Monday, February 21, 2011

Motivation Mondays: Pantoum Therapy

I'm writing this with a sunbeam shining directly on my heart, because later today I get to go to THE ADVENTURE AQUARIUM with my niece and nephews and then have cupcakes to celebrate Holden and Quinn's birthday! Hooray.

Anyway, so I've decided to include some writing games in with the Motivation Mondays. If you decide to try any of them, you can email me the results at serotoninfactory@gmail.com--maybe I'll post them. :)

Anyone who's ever been in one of my grown-up poetry classes knows that pantoums are the best thing for writing about something that obsesses you, something impossible, something you can't get away from. The repetition lets you just go ahead and obsess to your heart's content. Here's one I wrote about the Gulf Oil Disaster last summer. I don't know how else I'd've ever put that feeling into words.

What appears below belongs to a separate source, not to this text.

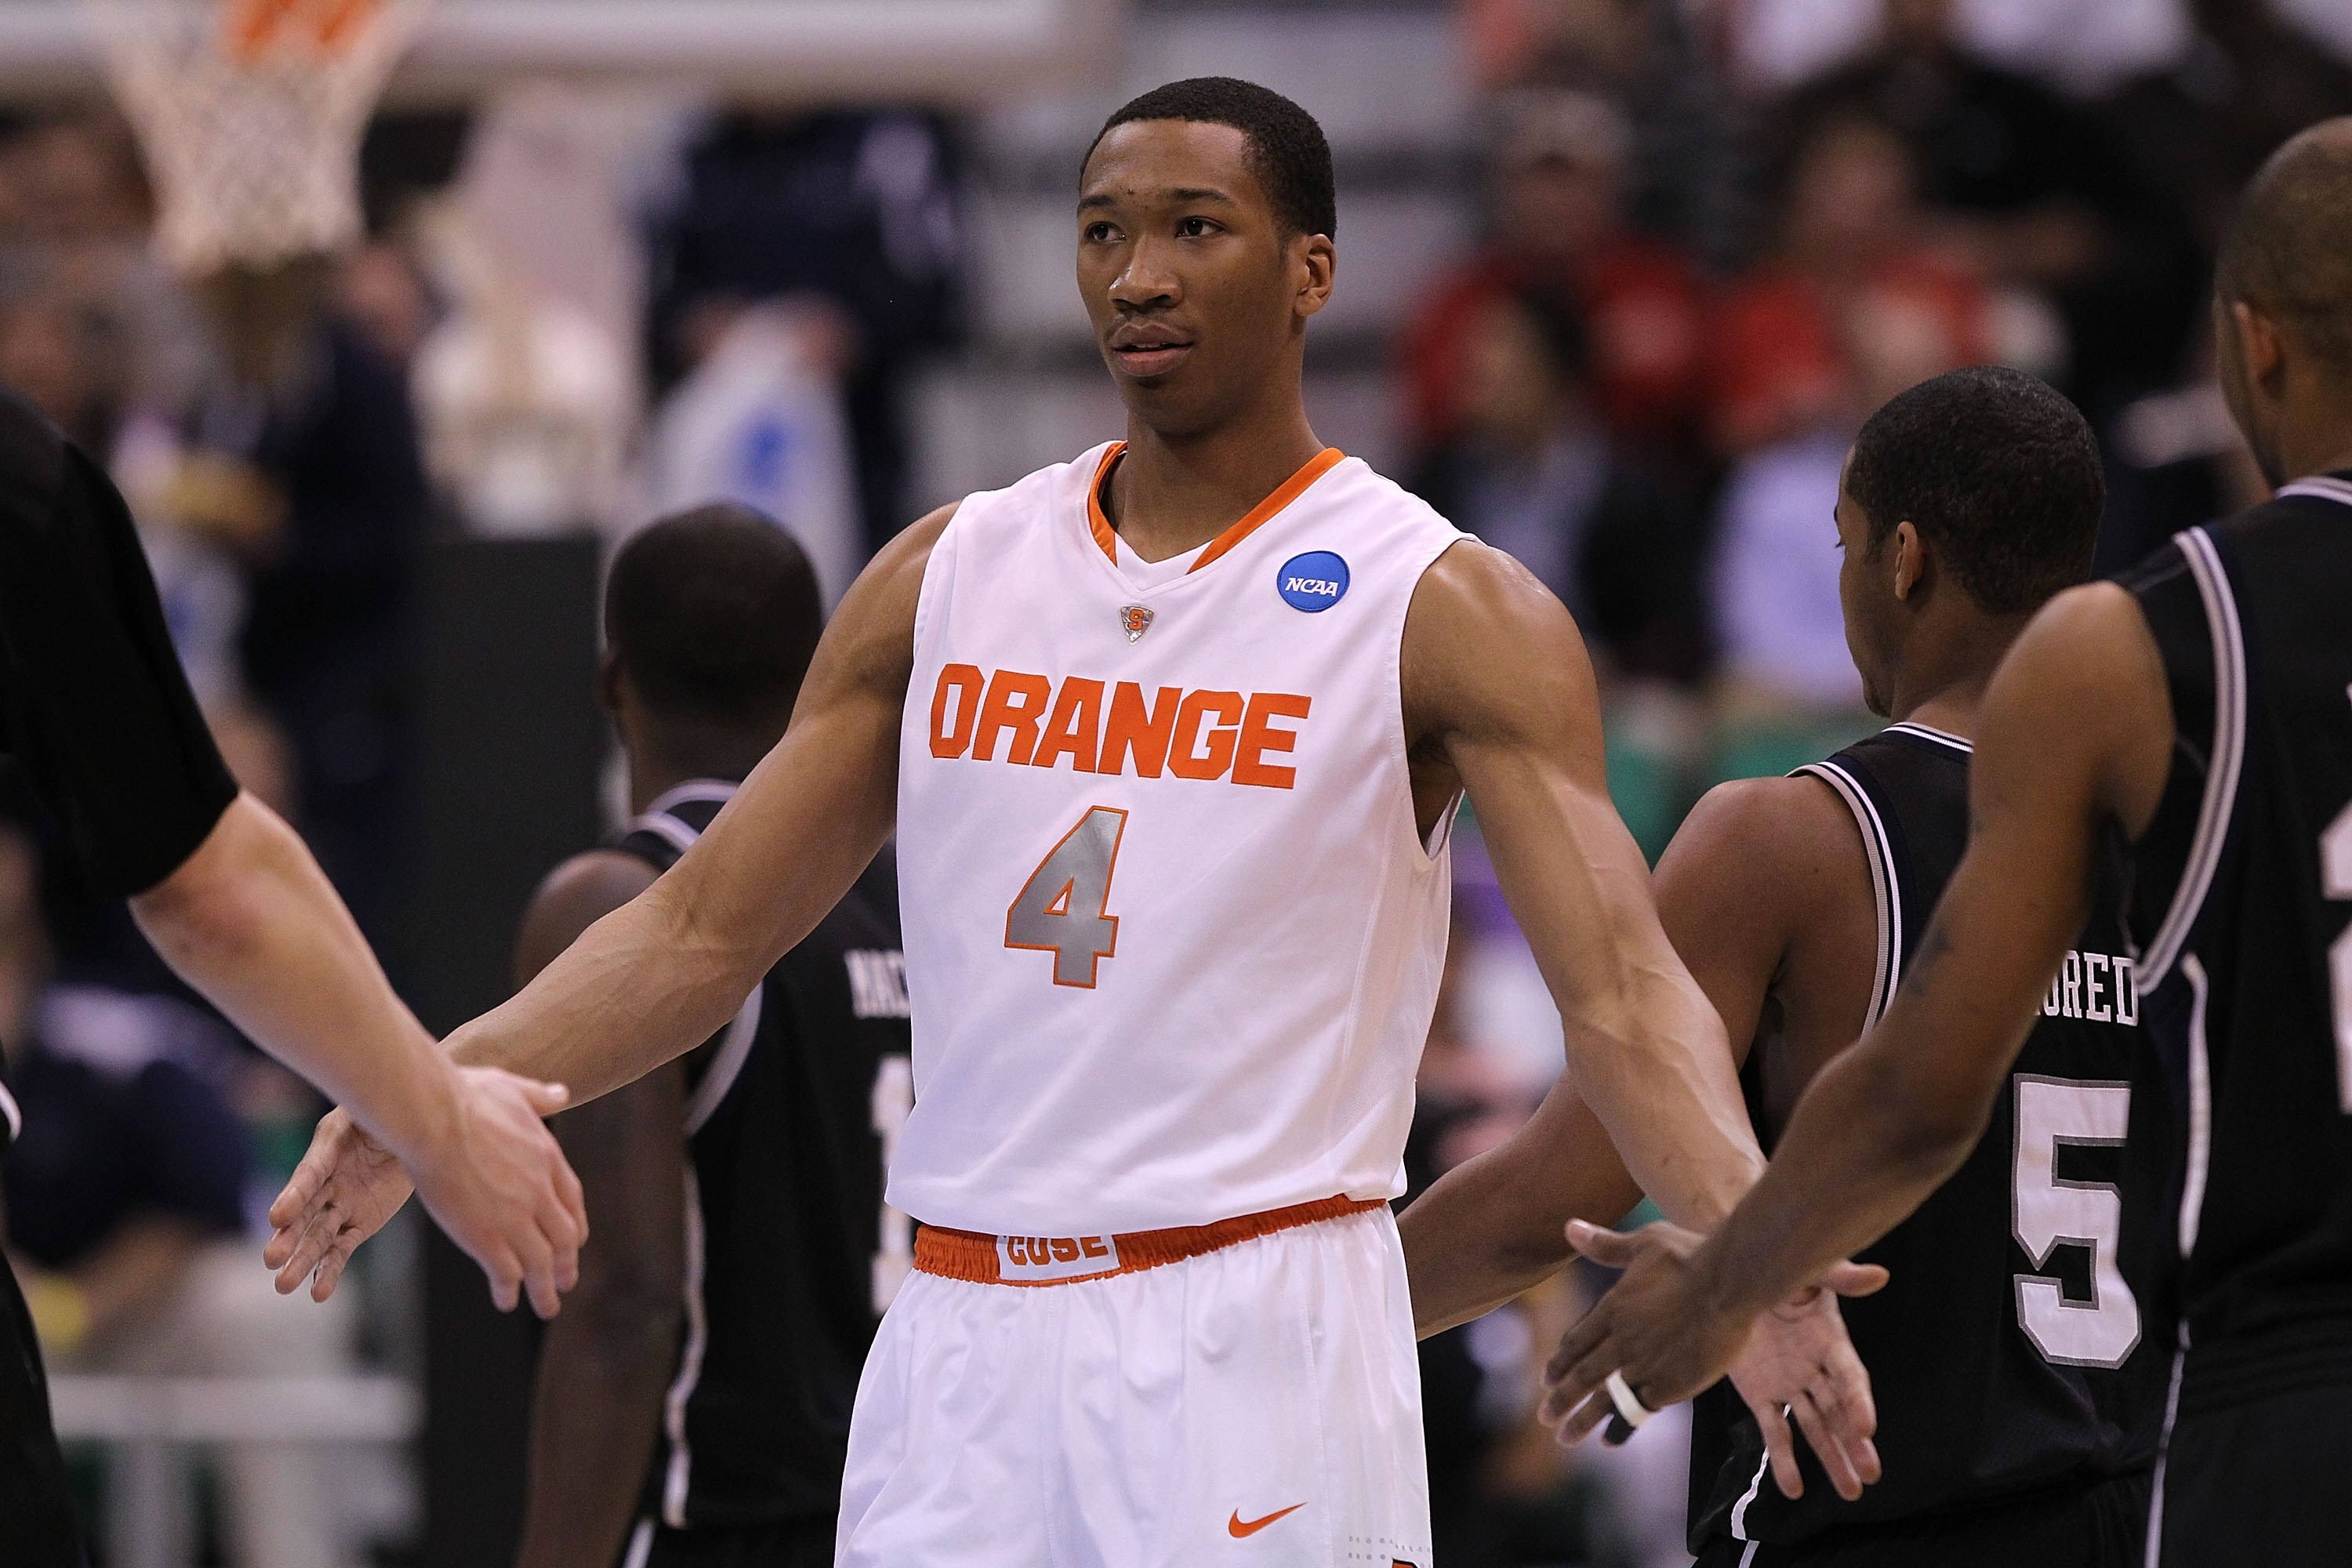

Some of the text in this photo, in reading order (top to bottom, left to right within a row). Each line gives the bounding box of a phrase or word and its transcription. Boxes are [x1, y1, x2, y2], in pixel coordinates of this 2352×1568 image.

Going with the Wikipedia definition from last summer: "The pantoum is a form of poetry similar to a villanelle. It is composed of a series of quatrains; the second and fourth lines of each stanza are repeated as the first and third lines of the next. This pattern continues for any number of stanzas, except for the final stanza, which differs in the repeating pattern. The first and third lines of the last stanza are the second and fourth of the penultimate; the first line of the poem is the last line of the final stanza, and the third line of the first stanza is the second of the final. Ideally, the meaning of lines shifts when they are repeated although the words remain exactly the same: this can be done by shifting punctuation, punning, or simply recontextualizing."

Here we go!

Stanza 1:
Line 1
Line 2
Line 3
Line 4

Stanza 2:
Line 5 (repeat of line 2 in stanza 1)
Line 6 (new line)
Line 7   (repeat of line 4 in stanza 1)
Line 8 (new line) 

***Write as many stanzas as you want to.***

Last Stanza (This is the format for the last stanza regardless of how many preceding stanzas exist):
Line 9   (line 2 of the previous stanza)
Line 10 (line 3 of the first stanza)
Line 11 (line 4 of the previous stanza)
Line 12 (line 1 of the first stanza) 

2 comments:

  1. I must do this! I wrote a lot of ghazals last year which are also good for things you're obsessed with.